Task item » Although the entries contain pictures, only their text goes into the copy, set down exactly.

Data in this exercise »
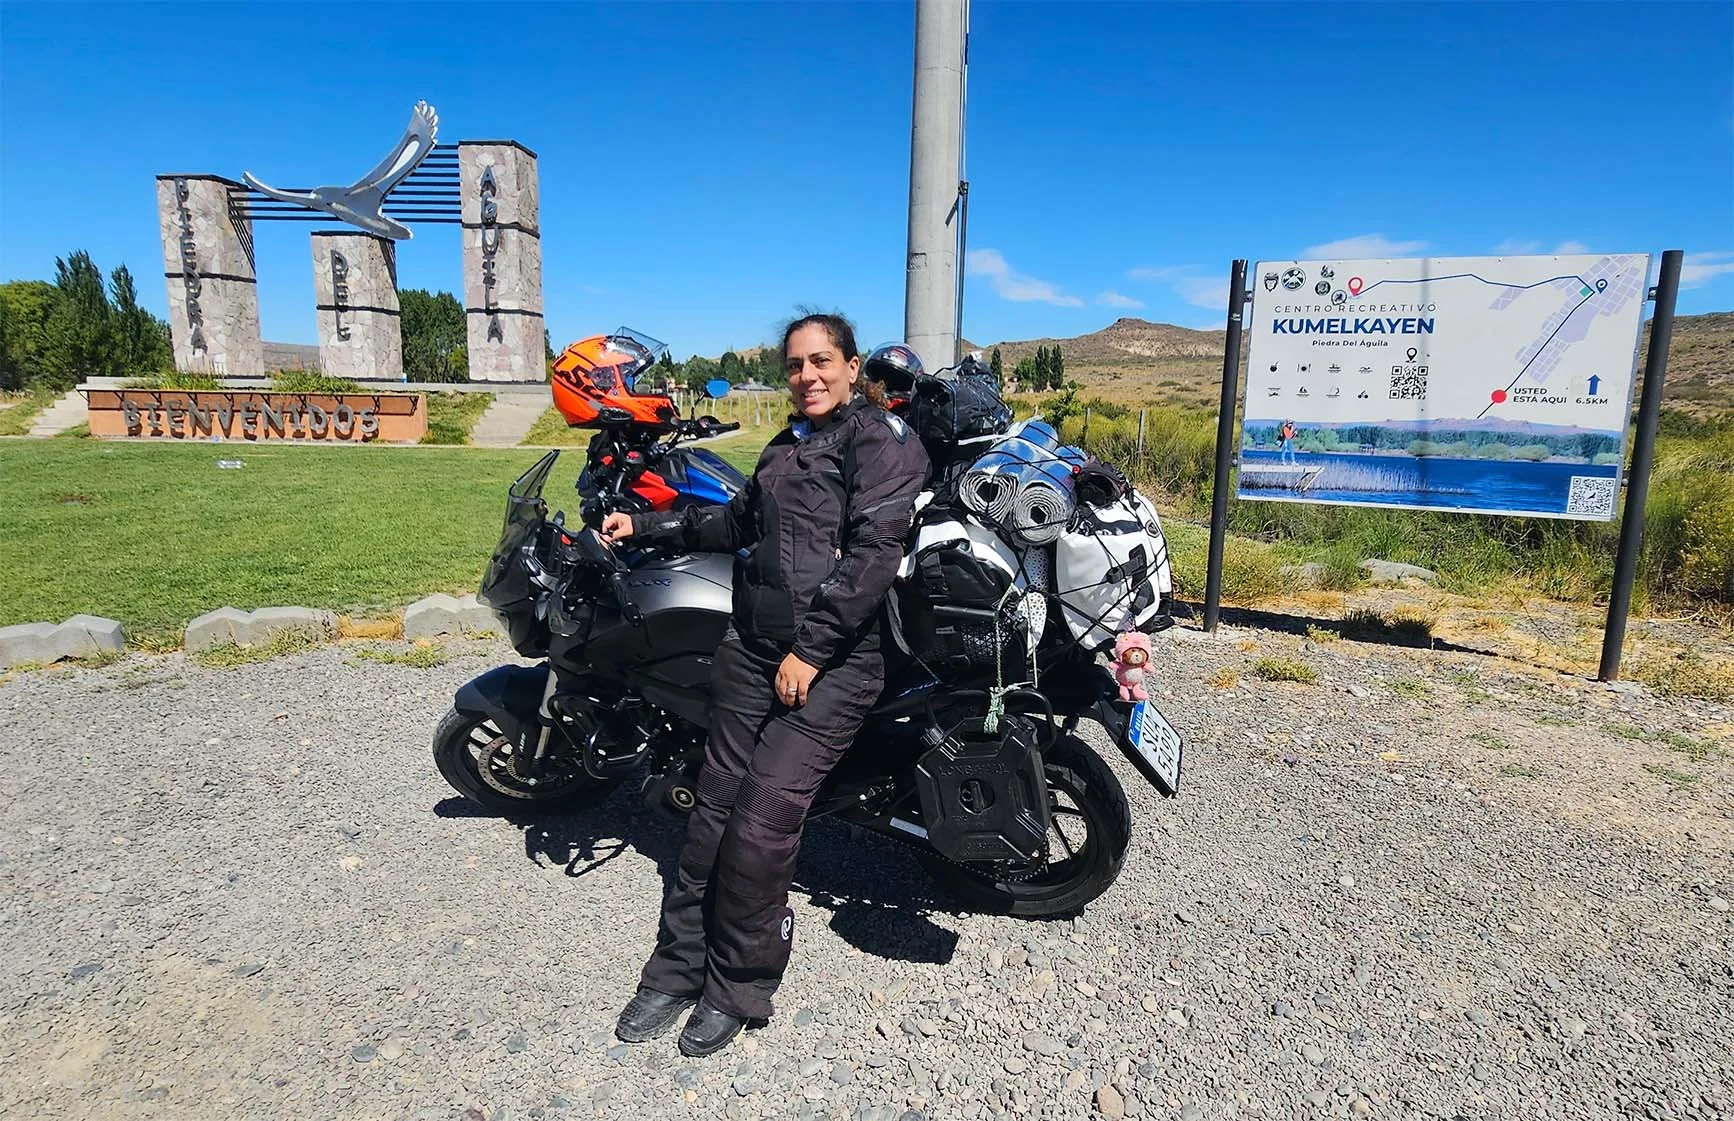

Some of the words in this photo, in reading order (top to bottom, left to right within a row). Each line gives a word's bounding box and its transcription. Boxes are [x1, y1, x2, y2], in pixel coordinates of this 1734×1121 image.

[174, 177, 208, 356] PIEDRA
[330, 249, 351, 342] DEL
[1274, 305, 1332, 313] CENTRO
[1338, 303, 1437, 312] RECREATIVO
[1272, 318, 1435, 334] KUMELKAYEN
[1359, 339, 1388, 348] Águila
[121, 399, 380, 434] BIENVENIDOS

Written response »
Some of the words in this photo, in reading order (top to bottom, left to right within a row). Each line gives a word's bounding box and its transcription. Boxes are [x1, y1, x2, y2], in pixel coordinates of this 1734×1121 image.

[174, 177, 208, 356] PIEDRA
[330, 249, 351, 342] DEL
[1274, 305, 1332, 313] CENTRO
[1338, 303, 1437, 312] RECREATIVO
[1272, 318, 1435, 334] KUMELKAYEN
[1359, 339, 1388, 348] Águila
[121, 399, 380, 434] BIENVENIDOS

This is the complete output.